Action item: Transcription task. Write out each entry verbatim and exclude any image.

[Stored entries]
+ + + + +

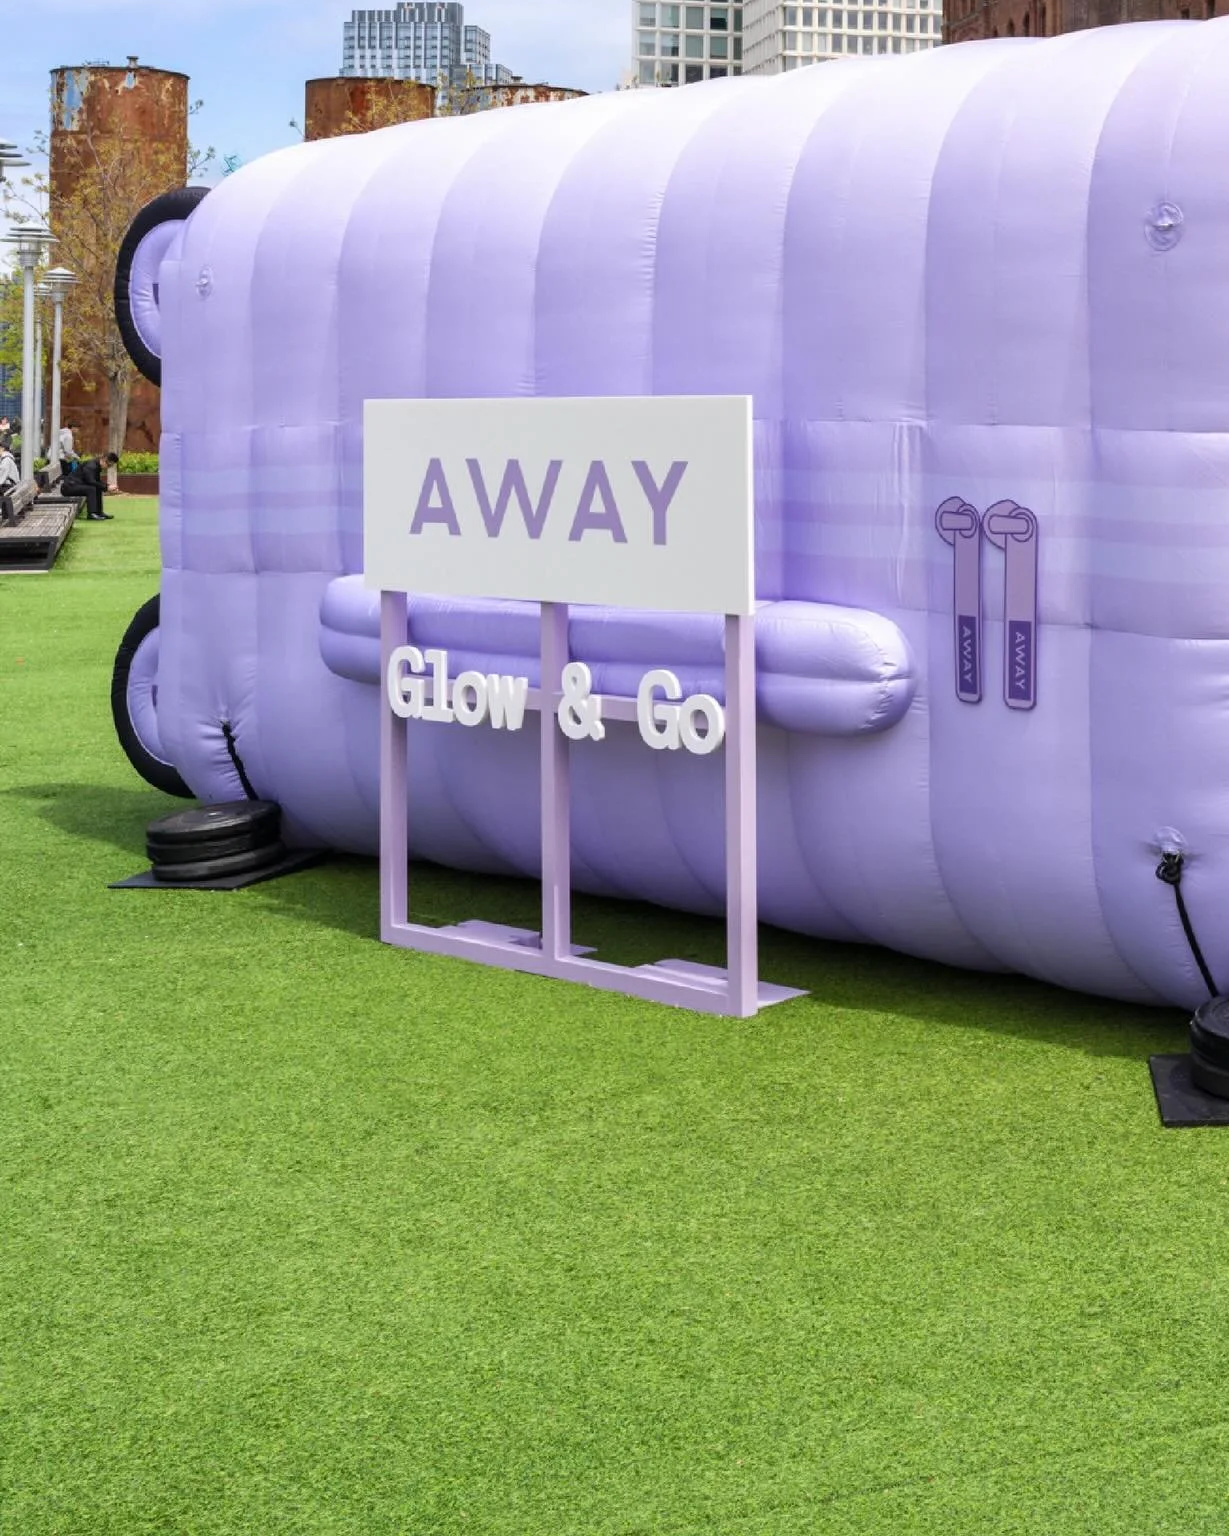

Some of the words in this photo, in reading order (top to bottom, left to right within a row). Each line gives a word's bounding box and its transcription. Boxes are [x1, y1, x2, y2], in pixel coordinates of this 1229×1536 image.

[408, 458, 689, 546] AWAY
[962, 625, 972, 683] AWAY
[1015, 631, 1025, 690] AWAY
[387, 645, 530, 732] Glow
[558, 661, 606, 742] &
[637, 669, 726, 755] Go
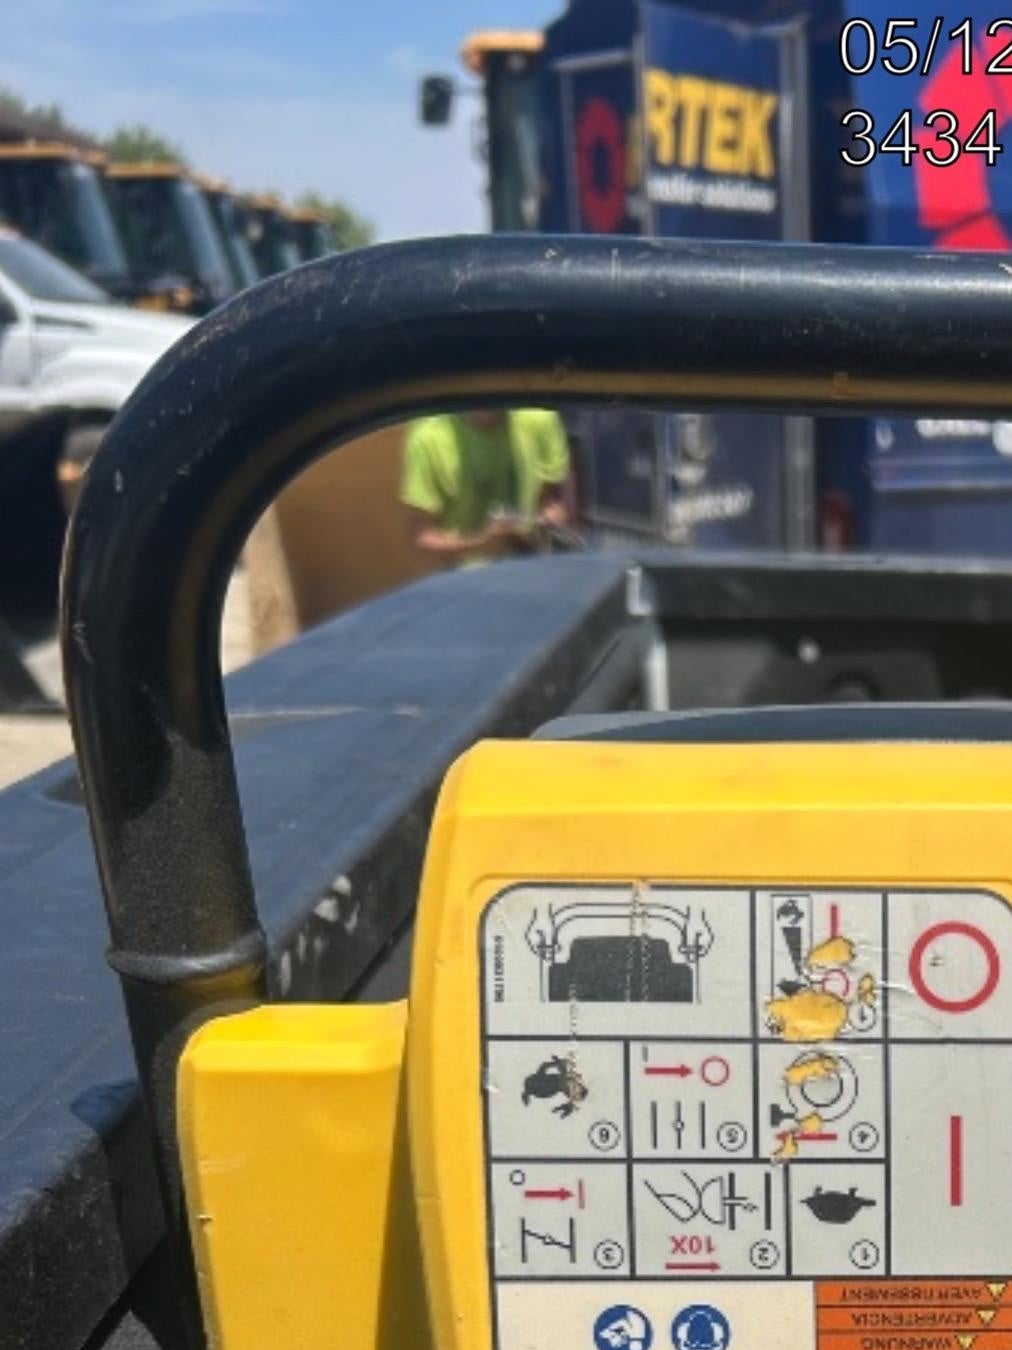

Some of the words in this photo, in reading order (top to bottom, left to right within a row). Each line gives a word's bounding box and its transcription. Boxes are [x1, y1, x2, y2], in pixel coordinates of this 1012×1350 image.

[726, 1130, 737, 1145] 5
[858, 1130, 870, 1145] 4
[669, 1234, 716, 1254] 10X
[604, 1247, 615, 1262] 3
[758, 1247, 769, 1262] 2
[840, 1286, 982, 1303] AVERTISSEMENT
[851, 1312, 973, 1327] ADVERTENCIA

+ + + + +

Exercise solution:
Some of the words in this photo, in reading order (top to bottom, left to right within a row). Each line gives a word's bounding box and its transcription. Boxes are [x1, y1, x2, y2], in pixel coordinates of this 1229×1536 image.

[408, 458, 689, 546] AWAY
[962, 625, 972, 683] AWAY
[1015, 631, 1025, 690] AWAY
[387, 645, 530, 732] Glow
[558, 661, 606, 742] &
[637, 669, 726, 755] Go

Some of the words in this photo, in reading order (top to bottom, left to right within a row). Each line gives a word's bounding box and its transcription. Boxes are [x1, y1, x2, y2], in pixel coordinates of this 1012×1350 image.

[726, 1130, 737, 1145] 5
[858, 1130, 870, 1145] 4
[669, 1234, 716, 1254] 10X
[604, 1247, 615, 1262] 3
[758, 1247, 769, 1262] 2
[840, 1286, 982, 1303] AVERTISSEMENT
[851, 1312, 973, 1327] ADVERTENCIA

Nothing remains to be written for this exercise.